The Francis report, the government’s response and discussion about doctors’ contracts provide an opportunity to reclaim the NHS’s employment relationships and limit the need for lawyers
The Chartered Institute of Personnel and Development celebrates its centenary this year. The organisation has its roots in the Welfare Workers Association, established in 1913 at Rowntrees in York.
‘I wonder whether, in the past 10 or 20 years, we have let lawyers determine what the employment relationship should be?’
The principles of that organisation are as important today as they ever were and I am immensely proud to be part of a profession dedicated to improving the working lives of employees – recognising that staff are most effective when they are safe, valued and engaged in the work they do.
Over the past century employment relationships have changed considerably. During the Great War millions of women entered paid work. Then we had the general strike of 1926, the rise of trade unions, the creation of the welfare state, the Equal Pay Act, Wapping and the credit crunch.
But I wonder whether, in the past 10 or 20 years, we have abandoned a bilateral emotional and psychological relationship between employer and employee that embodied trust and expectation and reciprocity? And in its place we have adopted wholly legal contractual relationships where effectively we (employers, trade unions and employees) have let lawyers determine what the employment relationship should be?
Reclaim the territory
It seems to me that it is time to reclaim the territory. I know there will be those who claim it is not possible, that we have become a litigious society, but I do not think that it is a fanciful idea. When employment tribunals (then industrial tribunals) were first established, the plan was that they would be a speedy, informal method of resolving disputes without the need for lawyers. Ha, I hear you say. Where did it all go wrong?
Nowhere is this relationship more in need of repair than with our doctors. The procedure for managing the conduct and capability of doctors is known as maintaining high professional standards. Introduced in 2003, at the same time as the current consultant contract, it has become, through case law, the antithesis of a speedy resolution to disputes. In my view, it is now certainly partly responsible for a decline in the employment relationships and a breakdown in trust and confidence when things go wrong (and they occasionally will).

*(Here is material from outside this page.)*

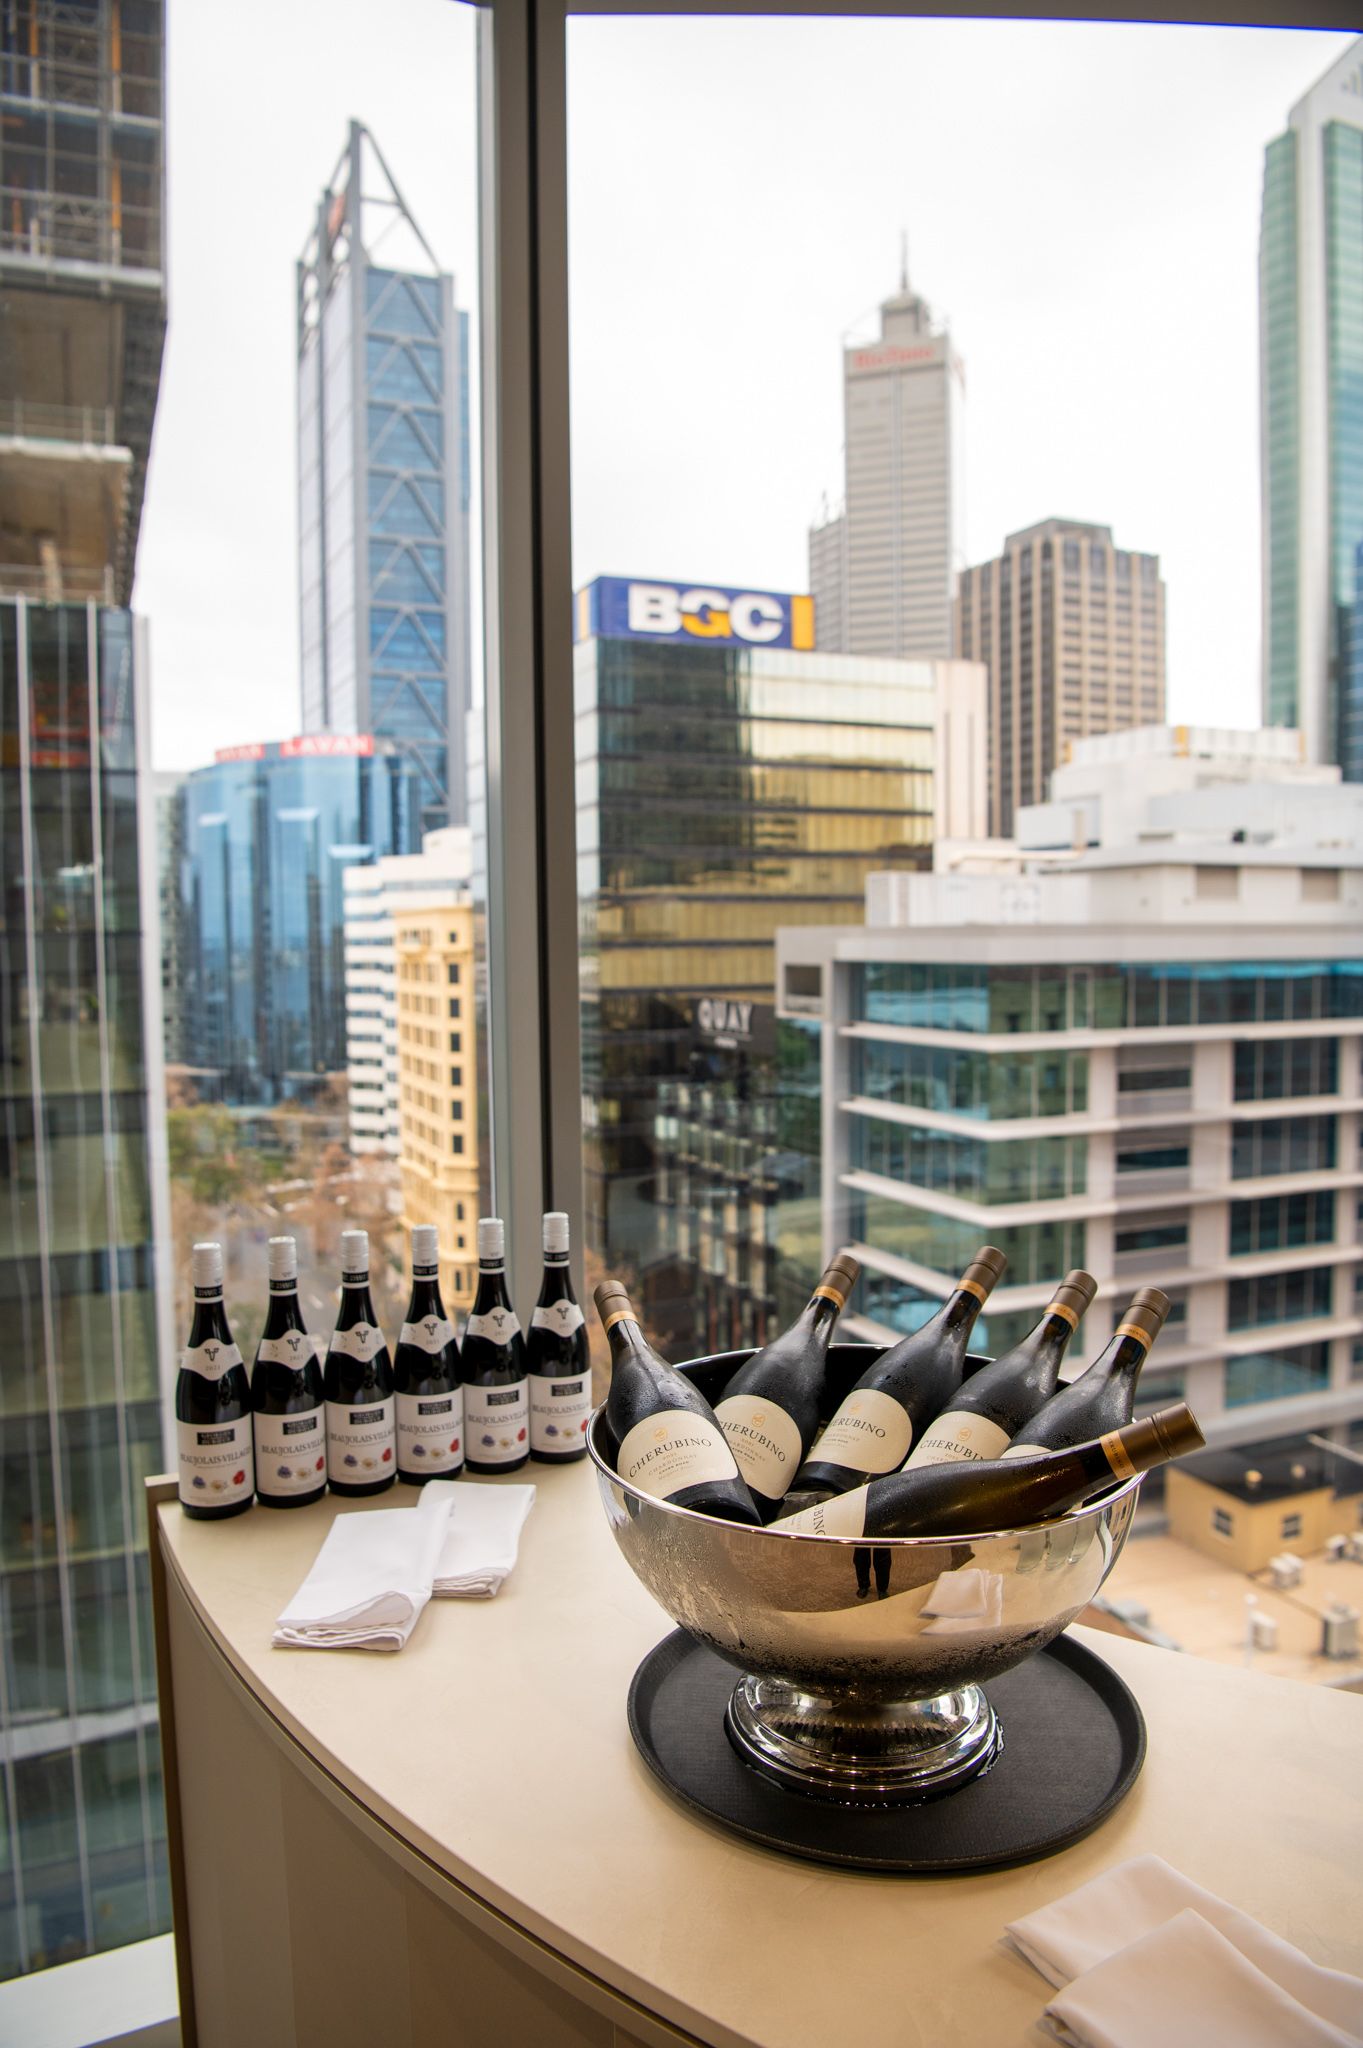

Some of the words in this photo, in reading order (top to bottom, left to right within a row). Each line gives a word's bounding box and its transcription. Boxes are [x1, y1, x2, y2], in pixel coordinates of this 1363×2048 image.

[628, 583, 784, 643] BGC
[698, 998, 752, 1033] QUAY
[629, 1437, 712, 1478] CHERUBINO

It can often happen like this, leading it to spiral out of all proportion (excuse the parody):
- a concern is raised about a doctor’s performance;
- the employer, mindful of all the case law about doctors’ discipline, turns to the standards;
- the doctor, mindful of all the case law about doctors’ discipline, turns to maintaining high professional standards, a medical defence union and a lawyer;
- the employee’s lawyer writes strong letter, alleging inappropriate behaviour of employer, and threatens legal action unless proceedings are immediately ceased;
- the employer organises strong response from its own lawyer in response (or vice versa).
‘Surely it would be better to have a process that encourages early mediation and joint problem solving?’

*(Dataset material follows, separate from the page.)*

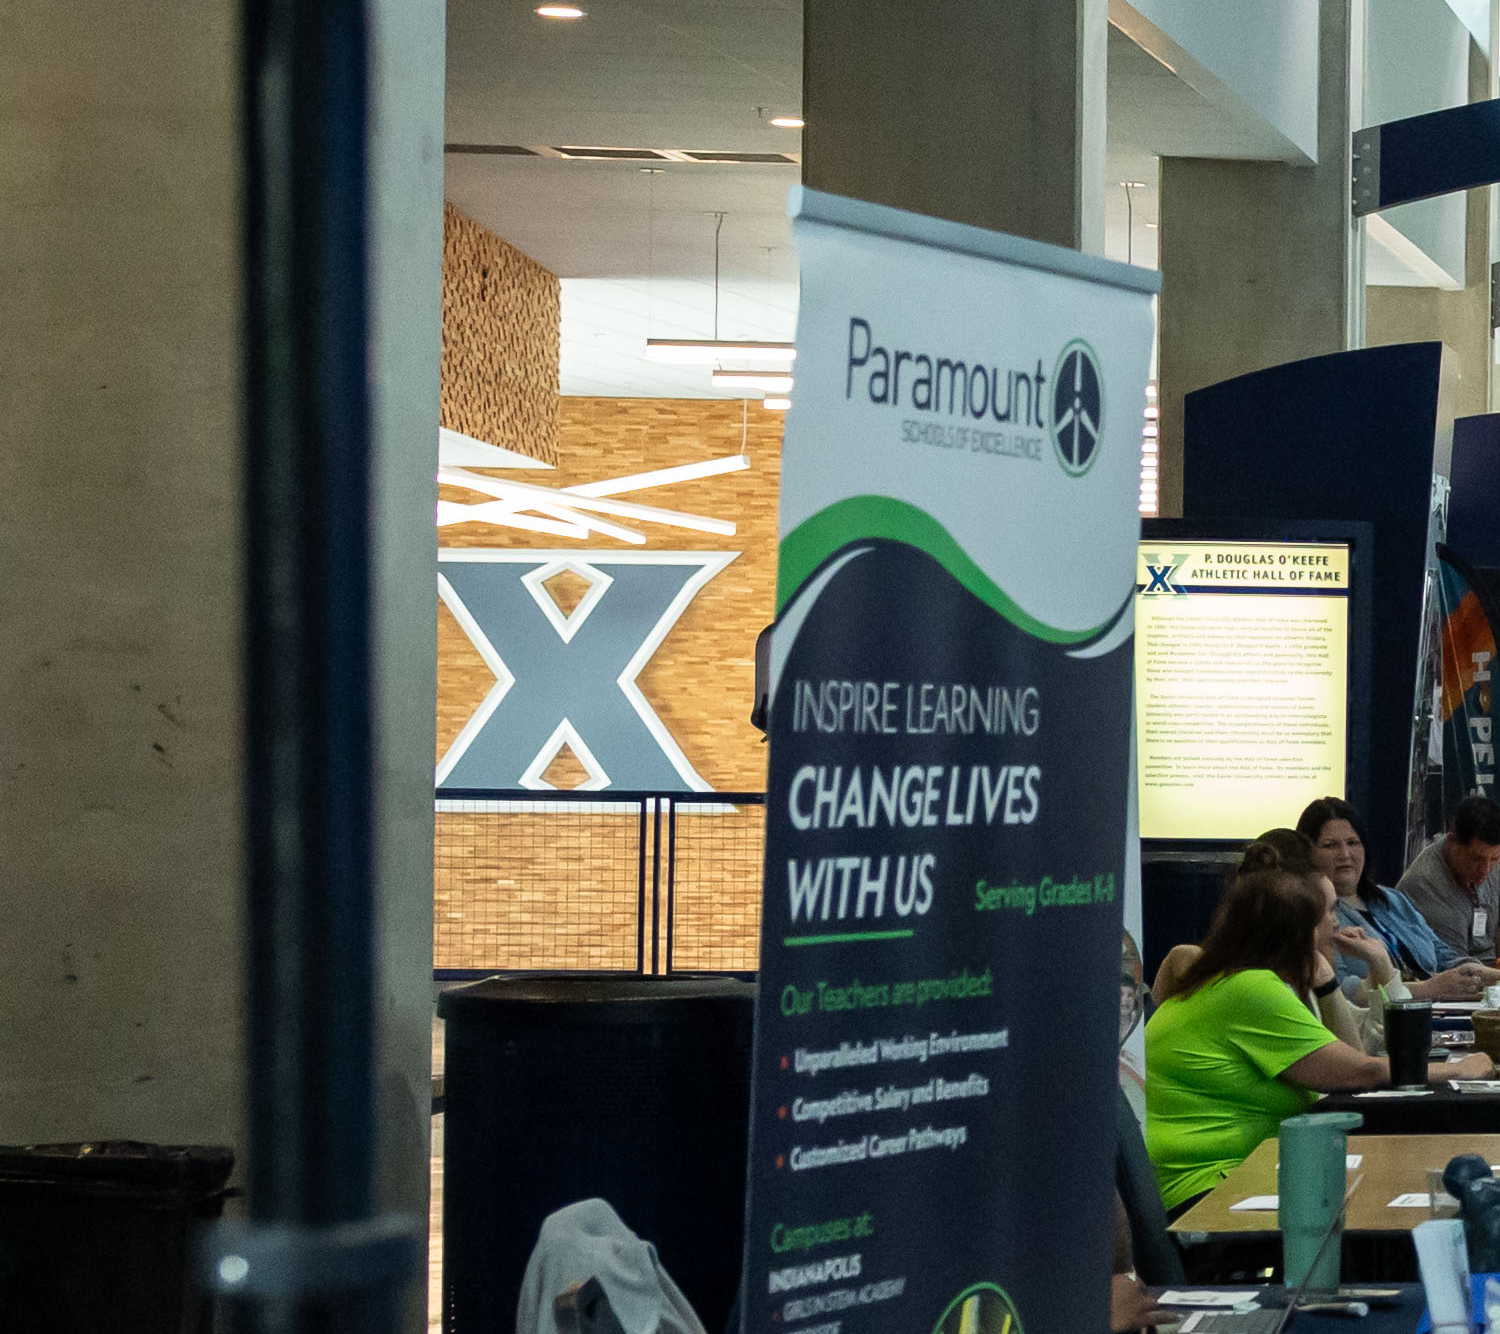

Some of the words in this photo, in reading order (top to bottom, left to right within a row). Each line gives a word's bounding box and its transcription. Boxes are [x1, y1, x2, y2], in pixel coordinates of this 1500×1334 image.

This becomes an abdication of who is responsible for the employment relationship. The relationship has now effectively been handed over to lawyers and, as a result, will often end in acrimony, lack of trust, resignation or dismissal. The reasons for the breakdown are often not associated with the original issue, and in the process contaminate the relationship with other staff and managers and create an unhelpful climate of fear on all sides.
This has to stop. It is not good for patients, not good for doctors and not good for employers who become accused of heavy handedness and a hostile culture.
Surely it would be better to have a process that encourages early mediation and joint problem solving? One that recognised the sanctity and importance of constructive relationships between employer and employee where staff can raise concerns and employers could highlight performance issues – without either of them fearing a letter from the others lawyer, with the almost inevitable spiral of declining trust that follows? This must surely be the ambition of employers and the British Medical Association
Recent events like the Francis report, the government’s response and discussion about doctors’ contracts provides an opportunity for us to reclaim our relationships, limit the need for lawyers (other than on the most serious issues) and build a trusting, mutually appreciative employment culture.
I’m up for that and we will be asking employers what they think. We will be talking to employers about what needs to change and how quickly.